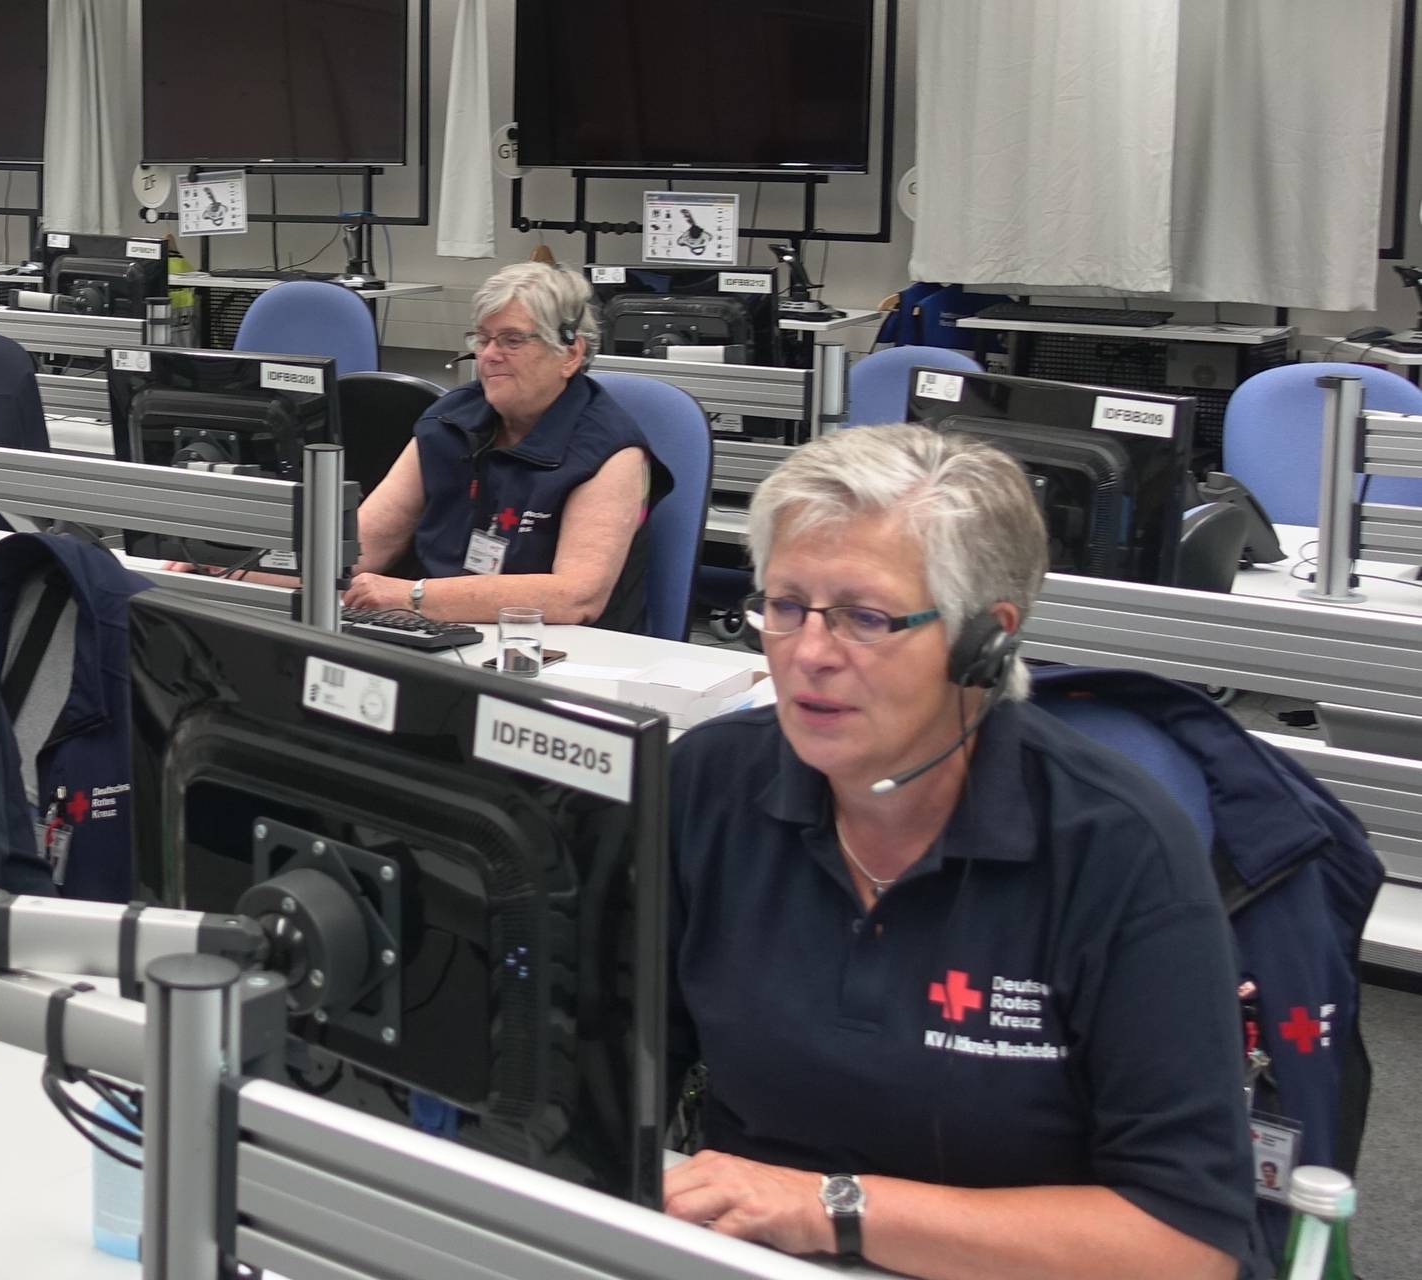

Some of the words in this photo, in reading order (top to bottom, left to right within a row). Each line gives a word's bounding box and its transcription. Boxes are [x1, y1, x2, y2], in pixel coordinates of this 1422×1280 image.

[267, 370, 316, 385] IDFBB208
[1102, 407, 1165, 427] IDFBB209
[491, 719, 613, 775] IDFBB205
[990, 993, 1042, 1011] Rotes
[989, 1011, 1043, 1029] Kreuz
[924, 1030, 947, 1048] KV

• • • • •

Give back the records above exactly. Pictures stay out.

* EXERCISE ANSWER
Some of the words in this photo, in reading order (top to bottom, left to right within a row). Each line gives a word's bounding box and its transcription. Boxes are [x1, y1, x2, y2], in pixel coordinates of this 1422×1280 image.

[267, 370, 316, 385] IDFBB208
[1102, 407, 1165, 427] IDFBB209
[491, 719, 613, 775] IDFBB205
[990, 993, 1042, 1011] Rotes
[989, 1011, 1043, 1029] Kreuz
[924, 1030, 947, 1048] KV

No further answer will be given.